Greer: Now let's talk some Disney. Disney is taking full control of Hulu, effective immediately, the company's announcing on Tuesday. Now, Jason, Comcast is the parent company of NBCUniversal, which has a 33% stake in Hulu. Comcast has an agreement to sell that stake in Hulu to Disney in 2024 at a valuation of at least $27.5 billion. What do you think of Disney and Hulu?
Moser: Yeah, well, we've talked about this a lot on Motley Fool Money, on MarketFoolery. I think I've said for a while, it felt like everything was ultimately going to revolve around Hulu for Disney at some point. It was just a matter of time before they worked out a deal. I do think the most important part of this deal, at least for Disney, and this had to have been non-negotiable, I would imagine, is that Disney needs full control of this thing immediately. I mean, they do not have any more time to waste in rolling out Iger's ultimate vision here as it comes to -- I don't want to say one app, but it really is this family of apps, it's turning into this entertainment universe between Hulu and Disney+ and ESPN+ and whatever comes down the pike for them. But I think those are the big three for Disney. That's what really matters here. Time was of the essence.

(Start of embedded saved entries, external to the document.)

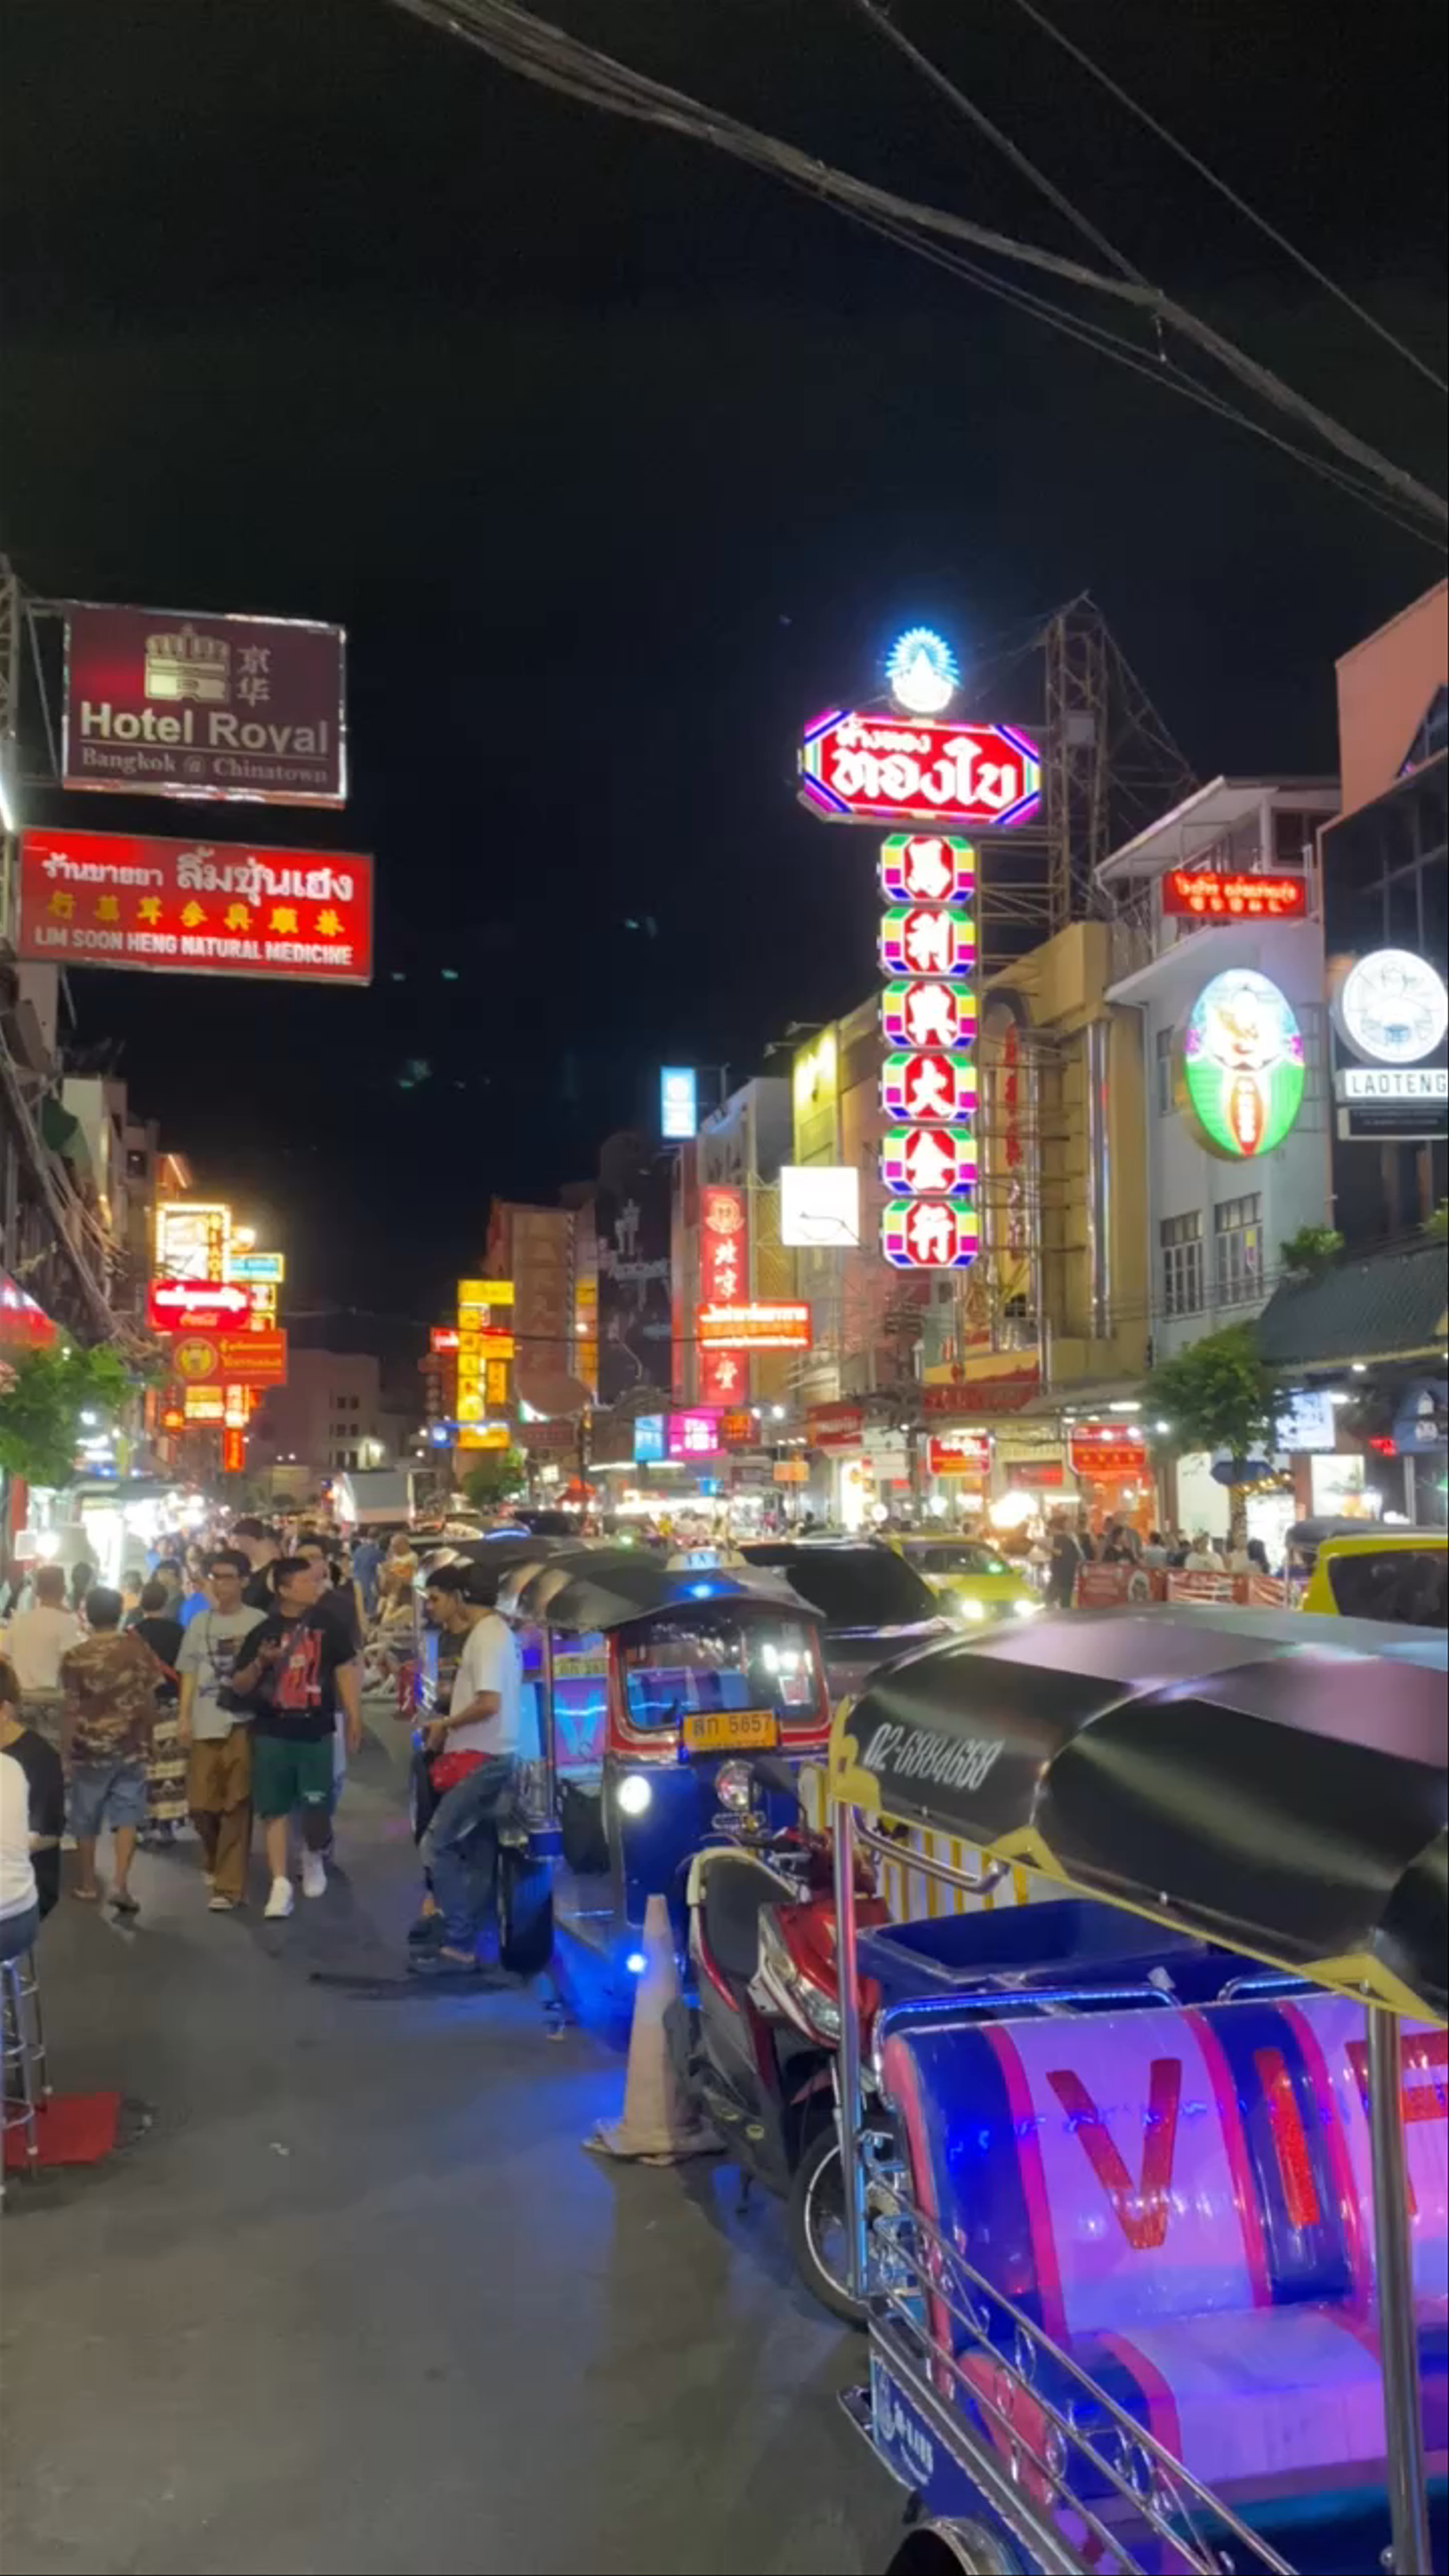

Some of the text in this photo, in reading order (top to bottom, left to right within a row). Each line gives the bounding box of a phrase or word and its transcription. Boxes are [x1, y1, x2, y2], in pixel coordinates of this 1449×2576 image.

[81, 701, 328, 753] Hotel Royal
[82, 747, 176, 774] Bangkok
[213, 758, 328, 783] Chinatown
[35, 927, 354, 966] LIM SOON HENG NATURAL MEDICINE
[1352, 1074, 1447, 1094] LAOTENG

Greer: You mentioned Disney+. One of the things that really turned some heads was Disney's announcement that Disney+ is only going to cost around $6.99 per month. That's essentially half of Netflix. What we learned from this story that we're talking about right now is that NBCUniversal now reconsidering the price of their streaming service, which was going to be, what, double of what Disney was going to do?
Moser: [laughs] It was astounding to me that they would even entertain trying to sell that subscription for $12 a month. If we look at Netflix, and you feel like Netflix is a pretty forgettable price, in that you're getting an awful lot for fairly low amount. People can say, "Well, I don't even really remember what the price is." That's somewhere in the neighborhood of $15. I think that pricing Disney+ and/ or ESPN+ in that $5.99-$6.99 range is super forgettable. I think that's a wonderful strategy on Disney's part. People will subscribe and immediately forget that they have it, and they'll just always have it and recognize that they have a lot of value because of the content there. For NBC to even entertain pricing that app at $12 is beyond me. Ten dollars, which is now what they're apparently considering, I still find to be way, way overpriced when you think about what you might be getting with it.
But I do feel like, and I said this a couple of weeks ago, I feel like these legacy networks, CBS and NBC and ABC, their better opportunity, I think their real opportunity is to figure out a way to be a part of that Hulu universe. I think we've hit peak app downloads for folks in the entertainment market. I don't want to download any more apps to watch the content that I want to watch. I don't think you do, either.
Moser: Dan was very clear before taping that he doesn't want to, either.
Greer: Very, very clear. Emphatic, I would say.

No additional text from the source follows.